Different factions within California’s horse racing industry are battling over late changes to a bill intended to revitalize the sport.

AB 2414, authored by Speaker John Perez, D-Los Angeles, has been moving through the legislative process since February, with unanimous support within the industry. But when the bill was amended last Friday to authorize a complex type of betting called exchange wagering, the industry divided into a bitter camps with opposing lobbying and advertising campaigns. 

On one side is a coalition that includes the Thoroughbred Owners Association, the prominent Hollywood Park race track, and a British company called Betfair which is a leading provider of the technology that allows exchange wagering. They’re supportive of the changes, and say these late amendments were vetted in several open meetings held by the California Horse Racing Board.

Arrayed against them is a coalition led by Magna Entertainment, owner of the popular Santa Anita and Golden Gate Fields horse tracks. They’re joined by Churchill Downs, the famed home of the Kentucky Derby, and the Jockey’s guild. Through California Strategies, Magna has launched a campaign to stop the bill, which they say was radically changed at the last minute, without warning. 

“We are trying to do something that’s helpful for the racetrack industry,” said Terry McGann, founder and principal at California Strategies. “But it’s impossible to support such a radical idea late in the session when it hasn’t been vetted.” 

Everyone involved agrees on a few things. Horse racing has been suffering from an aging fan base, as well as competition with Indian casinos other forms of gambling. As originally written, AB 2414 did two things that most people agreed on. It changed the formulas used to paying out bets in a way designed to increase the purse size, giving a larger portion to owners, trainers and jockeys. 

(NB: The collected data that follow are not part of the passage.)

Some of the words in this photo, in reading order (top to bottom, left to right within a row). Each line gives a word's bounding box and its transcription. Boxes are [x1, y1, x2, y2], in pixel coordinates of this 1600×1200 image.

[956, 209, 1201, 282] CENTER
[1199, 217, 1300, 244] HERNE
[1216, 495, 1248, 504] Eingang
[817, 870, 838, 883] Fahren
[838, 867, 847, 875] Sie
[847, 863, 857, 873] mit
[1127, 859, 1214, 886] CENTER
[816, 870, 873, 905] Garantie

It also provides incentives to help bring the prestigious Breeders’ Cup Championships to California more often. This two-day event changes venues each year. The 2009 races were held in California — ironically, at Magna’s Santa Anita Track. Some in the industry hope to make California the Cup’s permanent home. 

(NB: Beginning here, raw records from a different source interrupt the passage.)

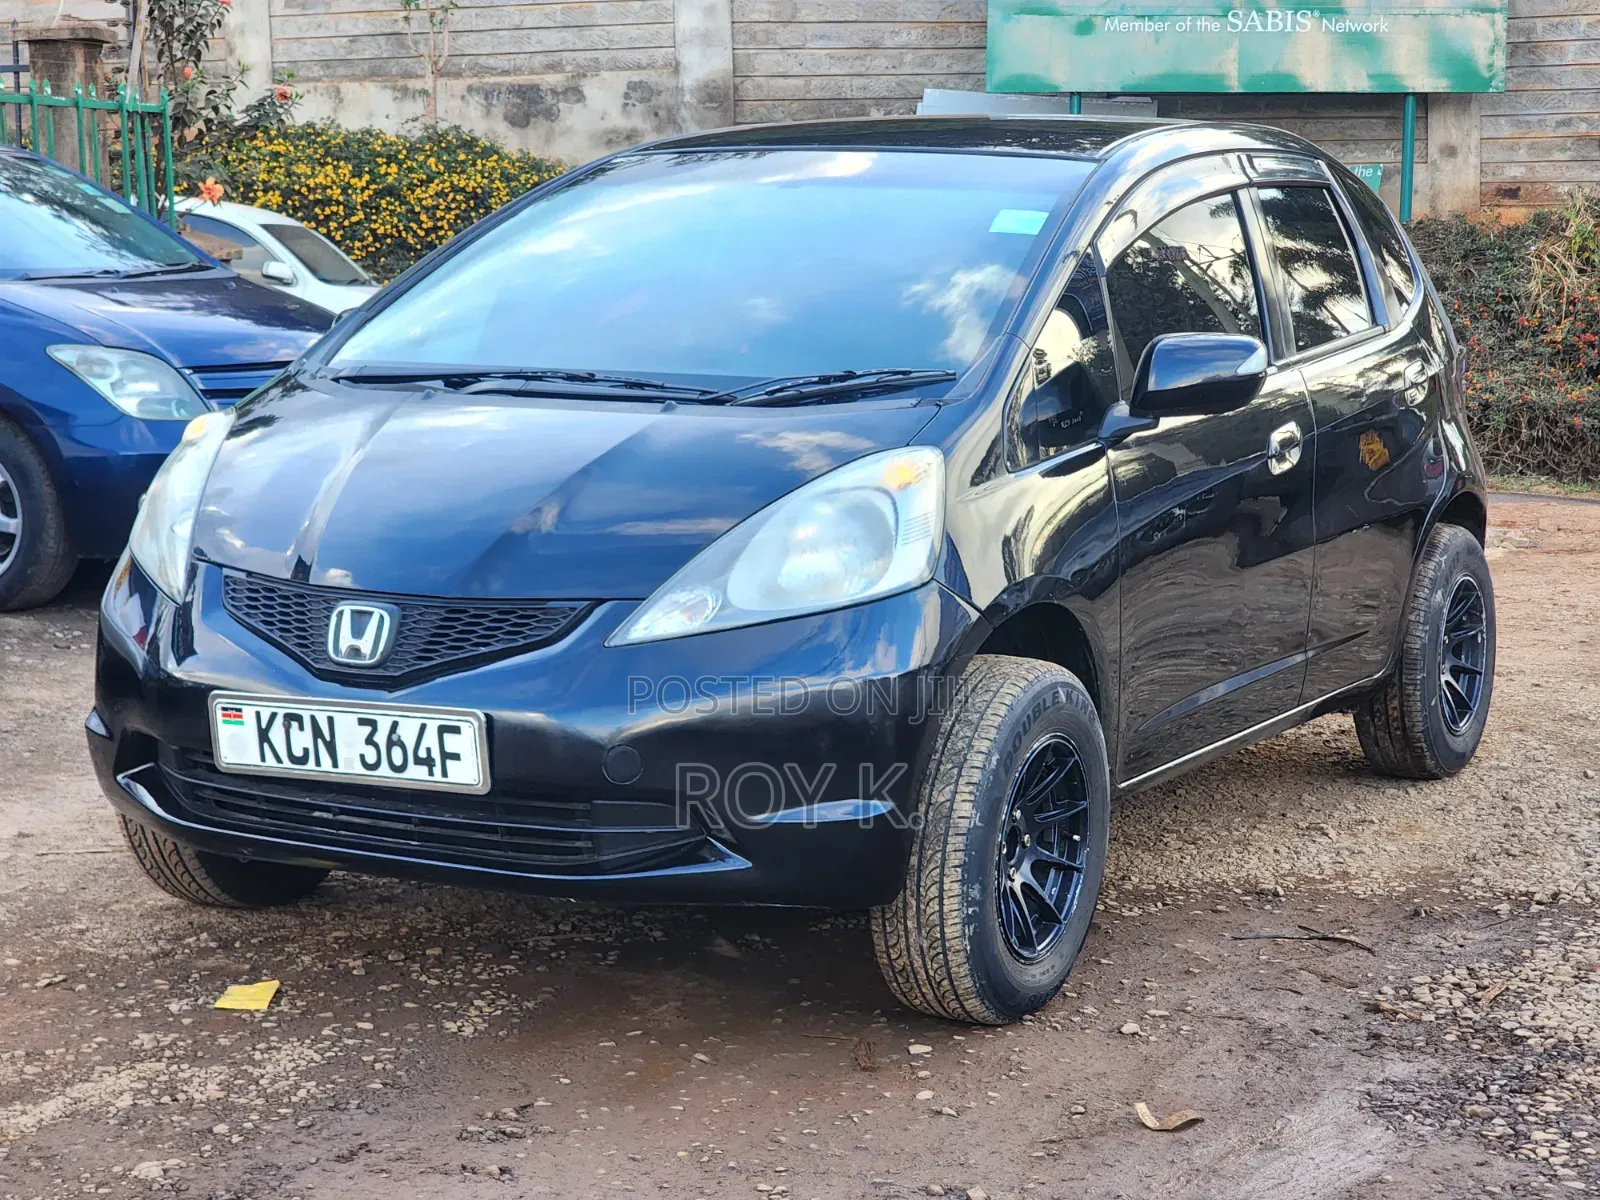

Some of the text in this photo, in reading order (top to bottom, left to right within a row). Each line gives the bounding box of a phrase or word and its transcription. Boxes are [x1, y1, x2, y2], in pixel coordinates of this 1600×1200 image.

[1104, 17, 1171, 32] Member
[1175, 17, 1192, 32] of
[1196, 17, 1221, 32] the
[1321, 17, 1389, 33] Network
[255, 710, 339, 768] KCN
[358, 717, 461, 778] 364F
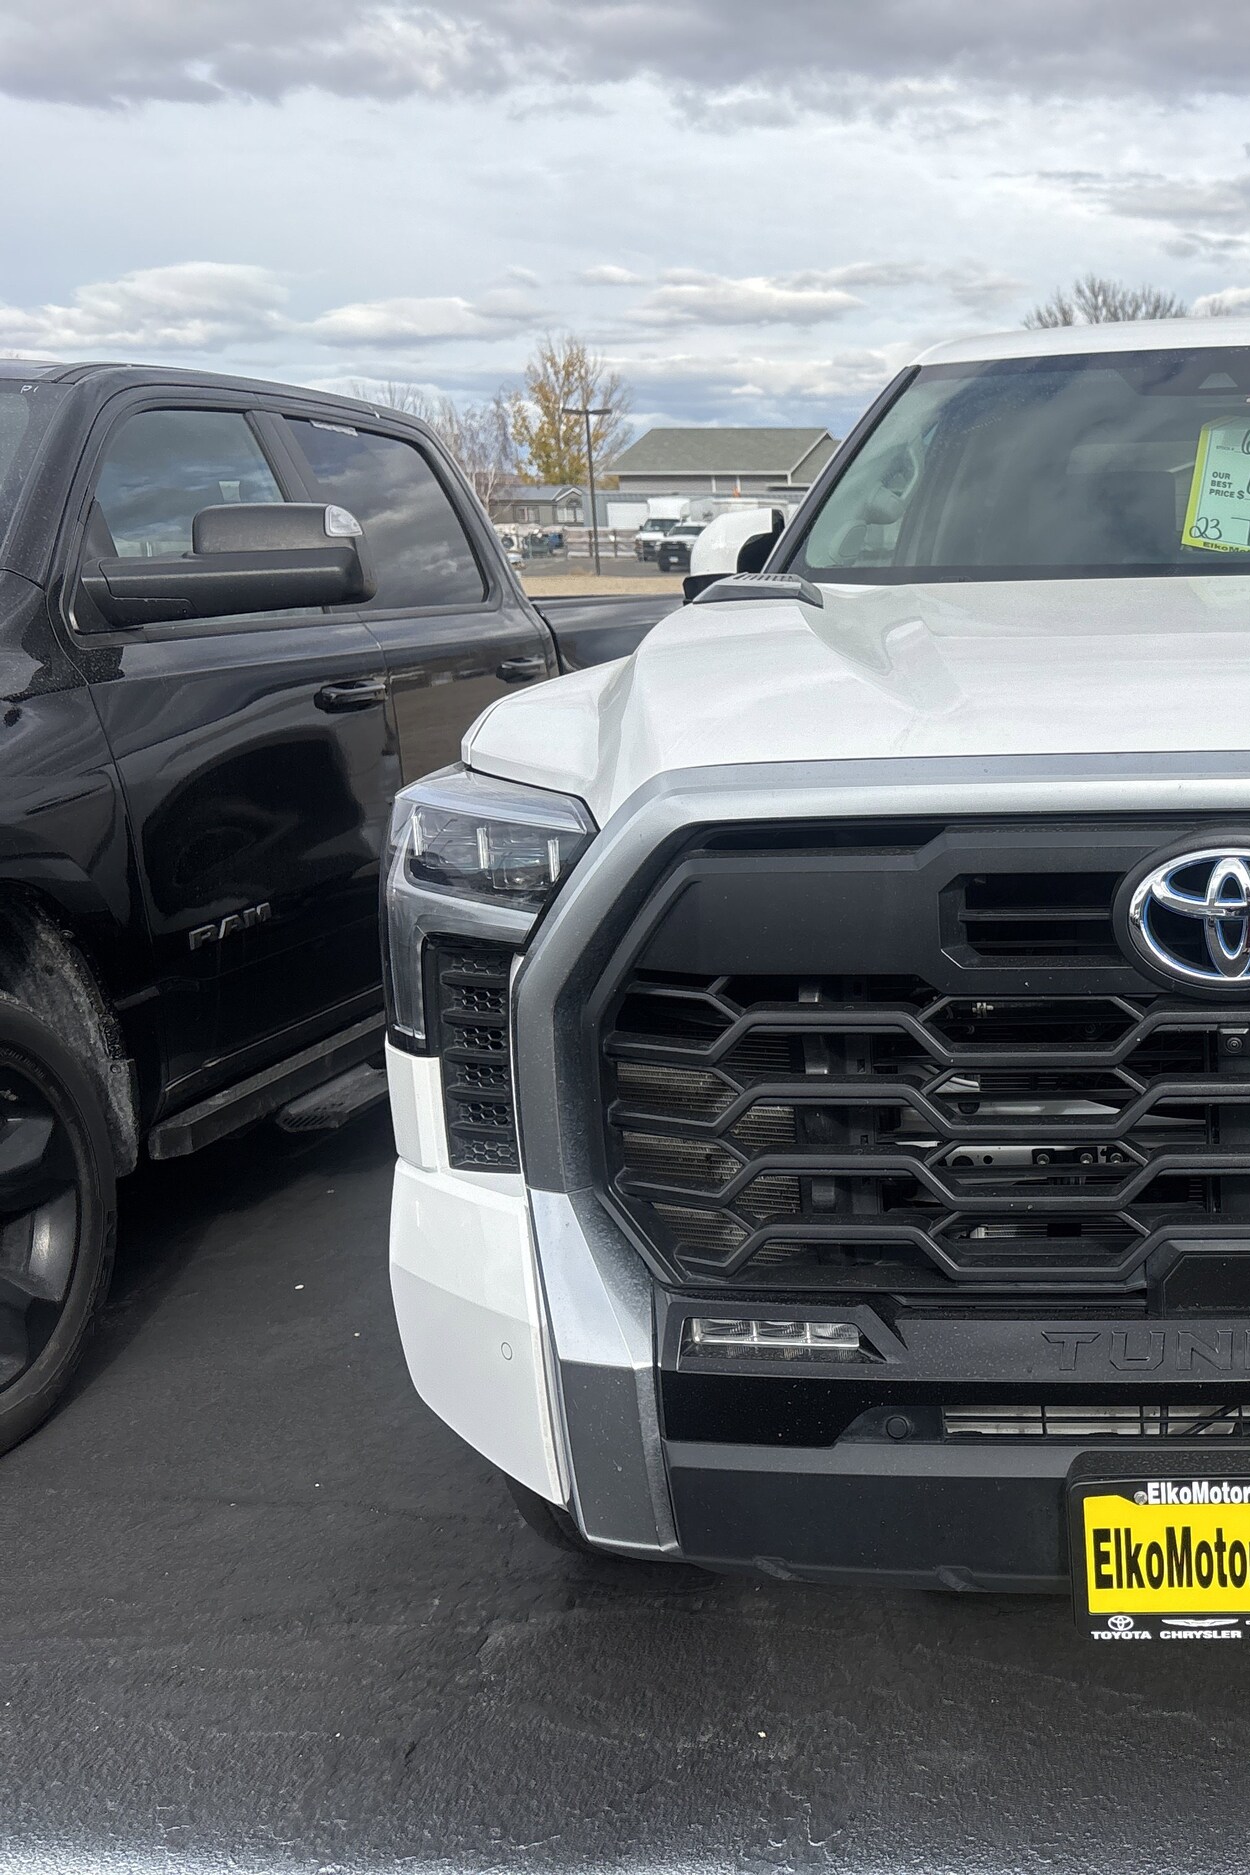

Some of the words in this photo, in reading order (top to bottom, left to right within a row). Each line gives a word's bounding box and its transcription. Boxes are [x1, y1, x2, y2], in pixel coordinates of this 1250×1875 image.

[1211, 471, 1231, 480] OUR
[1210, 480, 1234, 489] BEST
[1208, 488, 1235, 499] PRICE
[1189, 516, 1223, 540] 23
[189, 902, 272, 951] RAM
[1091, 1631, 1152, 1640] TOYOTA
[1159, 1630, 1242, 1640] CHRYSLER

The executive director of the Board, Kirk Breed, said that the exchange-betting concepts within the bill had been presented during at least three board meetings over the last several months, including the most recent meeting on August 19. 

“All of these items have been bought up,” Breed said. “All of the stakeholders were involved.”

That includes Magna Entertainment, he said, now the key opponent of the bill. It has taken out newspaper ads calling the bill, “A loser you can bet on.” It calls the bill “a last-minute backroom deal,” and is accompanied by a photo showing the backsides of several horses and jockeys during a race. Attempts to reach Magna representatives on Tuesday were unsuccessful. 

“They were involved in all those discussions all throughout the process,” said Stephen Burn, the chief American-based executive of Betfair, a British company that is a key supporter of the bill. 

Not so, said Robert Hartman, general manager of Golden Gate Fields, who countered that there was never the idea raised of putting exchange wagering into the bill.

“I was at the meeting August 19 meeting,” Hartman said. “There was never a conversation regarding exchange wagering. In the past there was some discussion on the topic. But there has never been any lengthy exchange regarding to specifics of exchange wagering.” 

He pointed to a review of the Aug. 19 meeting put out two days later, which doesn’t mention discussions of exchange wagering. Hartman said his company is wary of the exchange wagering, because in the two countries where it has been tried, the Great Britain and Australia, jobs have been lost in the track industry. 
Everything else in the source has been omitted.